Cakra membeku dengan jantung yang seolah merosot ke perut. Dia menelan ludahnya kasar tanpa berani bergerak sedikitpun. Suara pintu terbuka yang membuatnya seperti itu. Seseorang datang ke ruangan ini, memergoki Cakra dalam kondisi paling buruk. Kepala sekolah? Oh, seharusnya dia belum kembali saat ini, menurut guru yang dia tanyakan, kepala sekolah baru saja pergi saat bel istirahat berdering. Seorang guru? Staff? Seharusnya tidak ada yang ke sini karena kepala sekolah tak ada di tempat. Murid? Ketua OSIS? Hey, tidak mungkin bukan?
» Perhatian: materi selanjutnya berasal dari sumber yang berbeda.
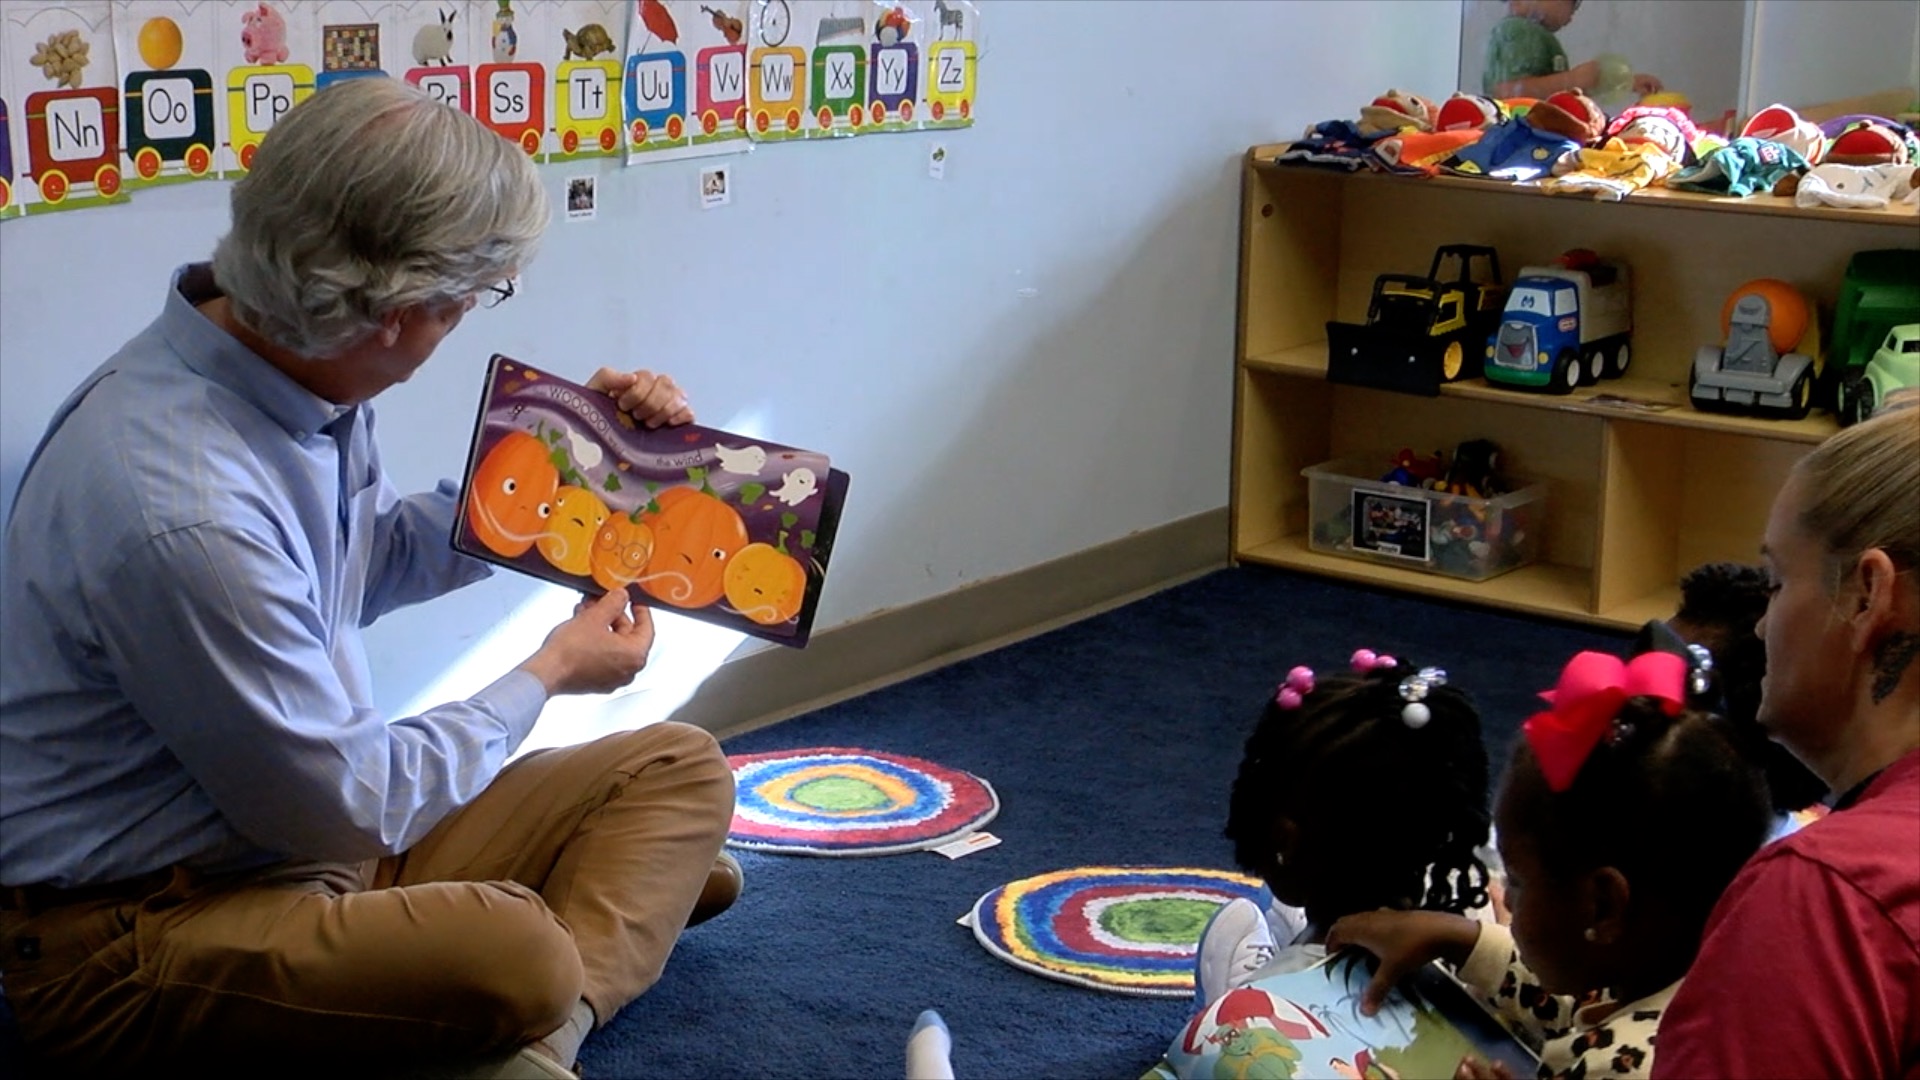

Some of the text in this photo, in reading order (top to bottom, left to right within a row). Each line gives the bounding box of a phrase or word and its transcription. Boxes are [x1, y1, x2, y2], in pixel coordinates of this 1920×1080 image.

[641, 70, 670, 102] Uu
[714, 62, 740, 93] Vv
[763, 63, 793, 93] Ww
[830, 61, 853, 91] Xx
[881, 57, 904, 92] Yy
[940, 56, 963, 85] Zz
[148, 87, 187, 125] Oo
[252, 83, 290, 122] Pp
[493, 81, 524, 114] Ss
[575, 78, 603, 110] Tt
[54, 110, 99, 150] Nn
[674, 449, 703, 467] wind
"Udah gue duga ada yang lo sembunyiin, Cak."

Itu... suara Nevan.

•••

Adhisty meniup-niup udara seraya terlentang di atas karpet berbulu kamar Cakra. Pipinya mengembung, mengempis, mengembung lagi, dan terus seperti itu. Hm, tidak bisa keluar memang membuatnya frustasi. Tidak ada hal lain yang bisa dilakukan selain bermalas-malasan.
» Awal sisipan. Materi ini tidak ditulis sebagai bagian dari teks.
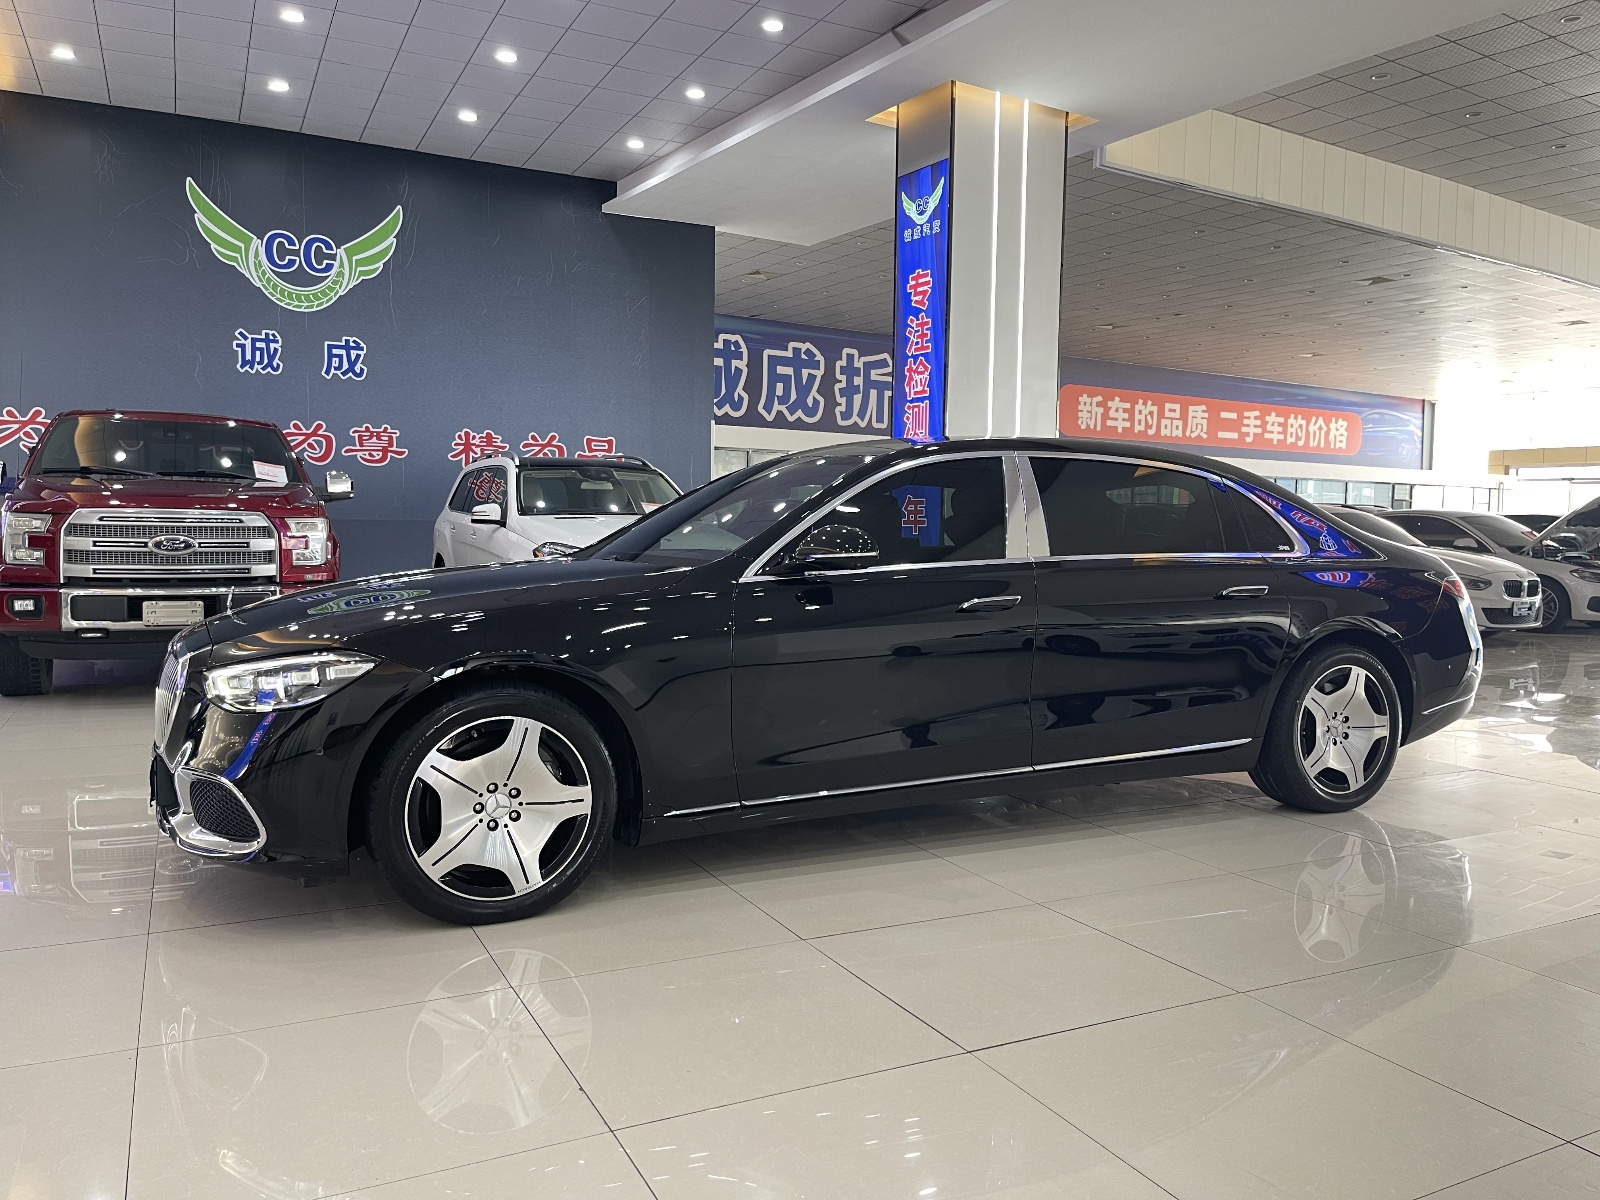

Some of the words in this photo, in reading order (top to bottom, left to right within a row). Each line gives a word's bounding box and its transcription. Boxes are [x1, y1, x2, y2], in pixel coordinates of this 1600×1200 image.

[262, 230, 336, 276] CC
[233, 328, 367, 380] 诚成
[904, 269, 932, 438] 专注检测
[1077, 394, 1209, 440] 新车的品质
[1217, 410, 1348, 450] 二手车的价格
Kamar Cakra memang lebih aman daripada dia hidup di tempat tidak jelas karena statusnya sebagai buronan, namun, saat dia tidak ada kerjaan seperti ini, dia menjadi sangat bosan dan rasanya ingin memaki seseorang.

Dia sudah berpikir tentang langkah apa yang akan mereka ambil selanjutkan untuk kepala sekolah, dia juga mencari tahu tentang kasus Theo Lesmana dan memikirkan segala kemungkinan tentang hubungan kasus itu dan kasus penculikan para remaja. Namun, terus memacu otak untuk melakukannya tidak akan baik juga. Dia sudah memikirkan beberapa kemungkinan dan akan membaginya dengan Cakra saat pria itu pulang nanti.
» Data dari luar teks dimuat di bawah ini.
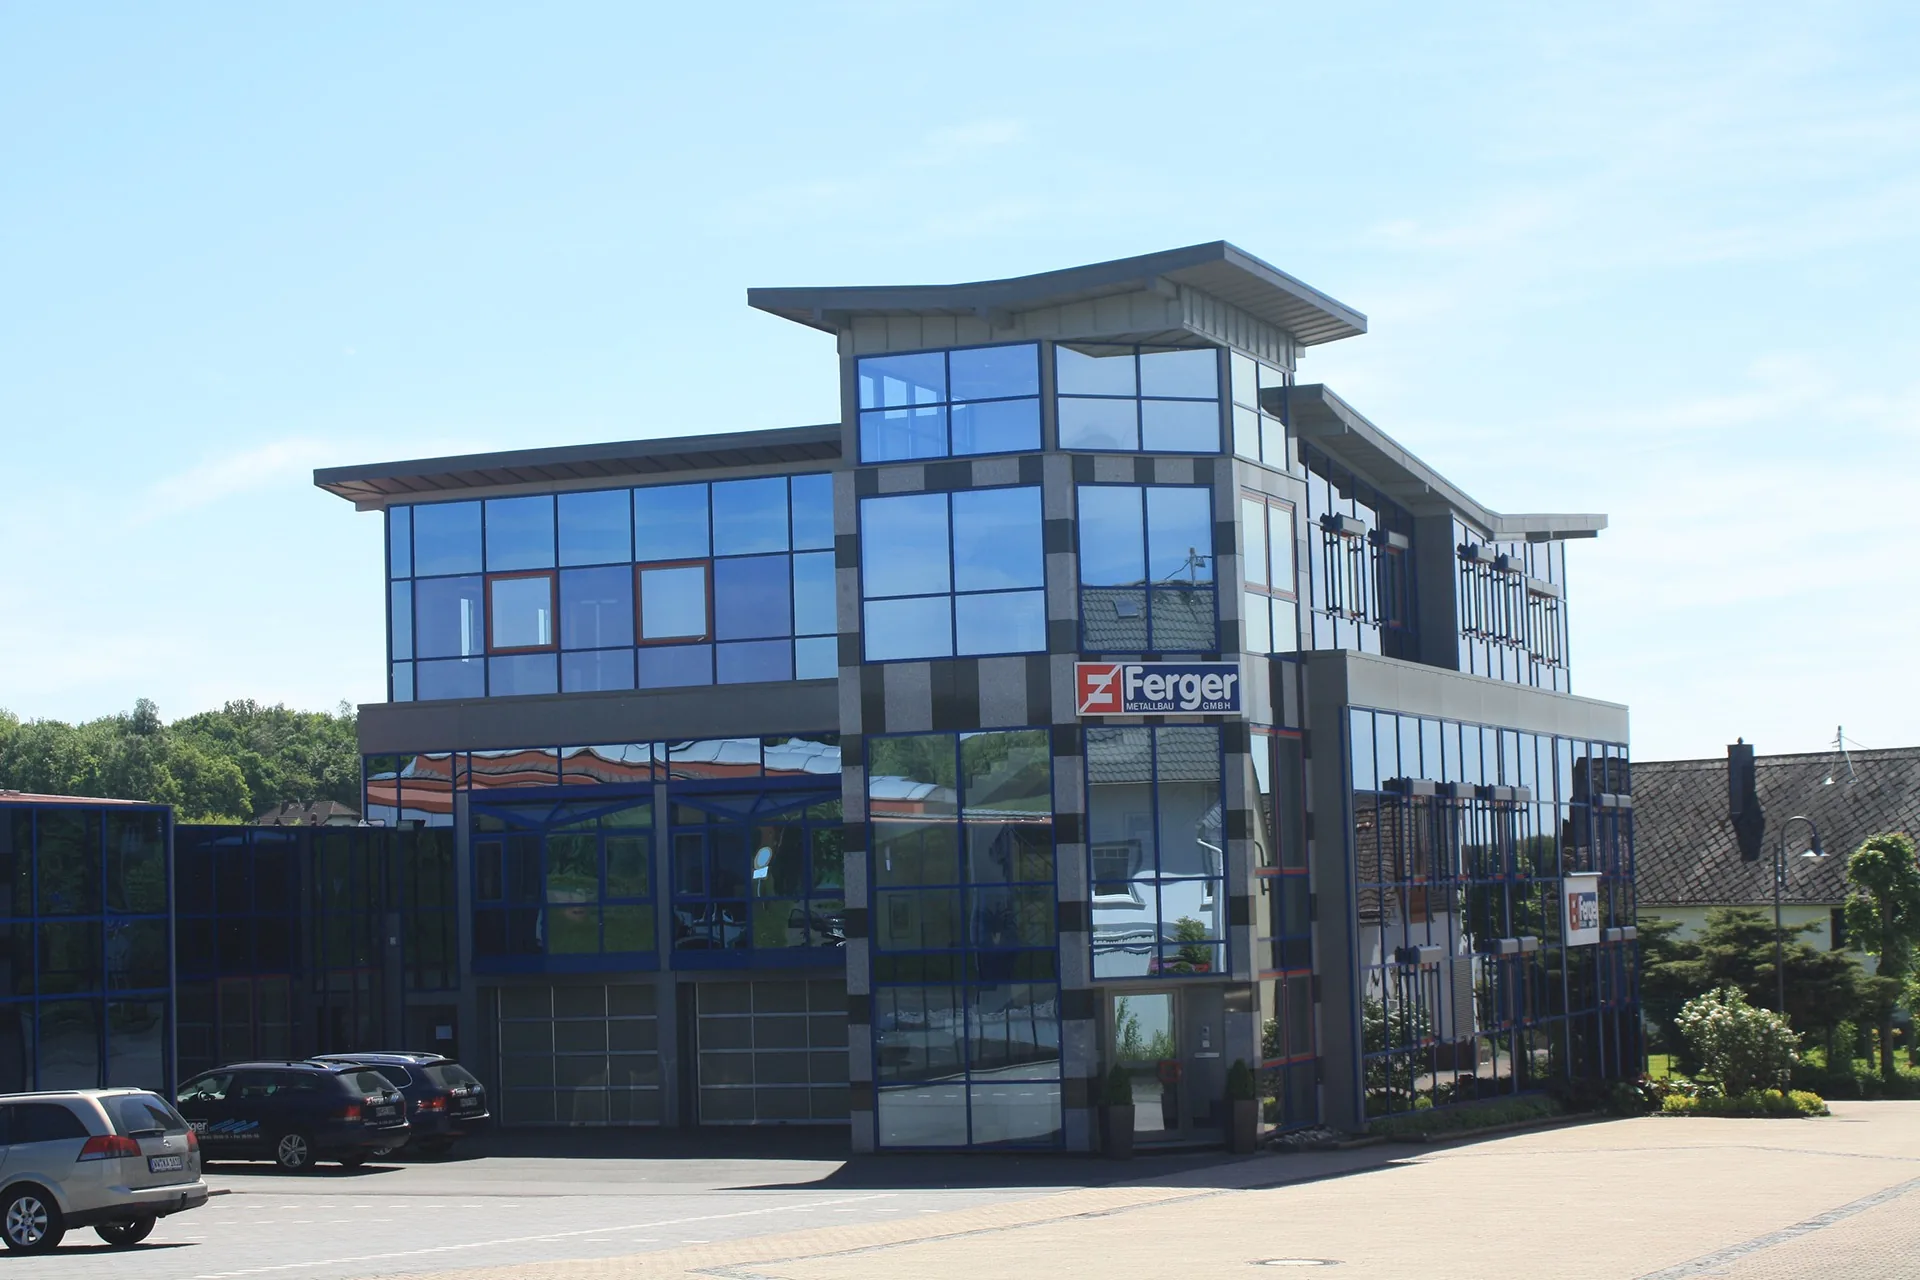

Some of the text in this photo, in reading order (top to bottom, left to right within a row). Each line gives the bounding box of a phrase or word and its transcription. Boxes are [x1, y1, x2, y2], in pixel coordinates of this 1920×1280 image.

[1126, 666, 1237, 710] Ferger
[1126, 702, 1231, 711] METALLBAU GMBH
Adhisty berhenti meniup-niup udara, dia kini bangkit, mengubah posisinya menjadi duduk dengan pandangan yang mengarah pada pintu masuk. Langkah kaki, telinganya bisa menangkap suara langkah kaki.

Gadis itu menajamkan pandangannya, dia juga menggenggam erat bulu-bulu pada karpet sebagai respon alaminya. Belum sempat dia bergerak dan menyembunyikan diri, pintu terbuka dengan lebar. Digeser cukup kuat hingga menimbulkan bunyi yang keras.

Adhisty menelan ludahnya. Kalau sudah begini apa yang harus dia lakukan?

Seorang pria berdiri di ambang pintu. Wajahnya tampan dan postur tubuhnya sangat baik. Pakaian formal membalutnya, membuatnya terlihat sangat gagah dan berwibawa. Tidak ada raut apapun yang dia tampilkan meski matanya bertatapan langsung dengan Adhisty.

"Ternyata benar," ucap pria itu yang entah apa maksudnya. Beberapa detik dia menatap Adhisty dalam diam, memperhatikannya begitu intens seolah Adhisty adalah barang langka.

Adhisty itu kasar, dia juga pemberani, dan tata kramanya sangat memprihatikan. Di keadaan biasa, dia akan protes dengan tajam saat ditatap sebegitu jelasnya, namun kini, untuk pertama kalinya, dia tidak bisa melakukan itu. Sosok yang dia lihat entah kenapa memberikan tekanan yang tak biasa, jujur, dia terintimidasi. Yah, meski intimidasi Neo lebih hebat, tapi tetap saja orang itu..., pembawaannya menakutkan.

"Jangan membuat keributan," ucap orang itu setelah beberapa saat. Setelah mengatakannya, dia langsung berbalik badan, menutup pintu, dan suara langkahnya terdengar menjauh.

"Huh..."

Adhisty membuang napasnya lewat mulut. Tanpa sadar sedari tadi gadis itu menahan napasnya, membuatnya sekarang meraup udara dengan rakus guna mengisi paru-paru. Sungguh, apa-apaan tadi? Apakah dirinya akan segera dikirim ke penjara? Oh, sial sekali. Dia juga tidak mungkin pergi dari sini. Ah, lagipula pria tadi itu siapa? Saudara Cakra, kah? Atau hanya pegawai? Rasanya penampilannya terlalu menakjubkan untuk orang sekelas pegawai.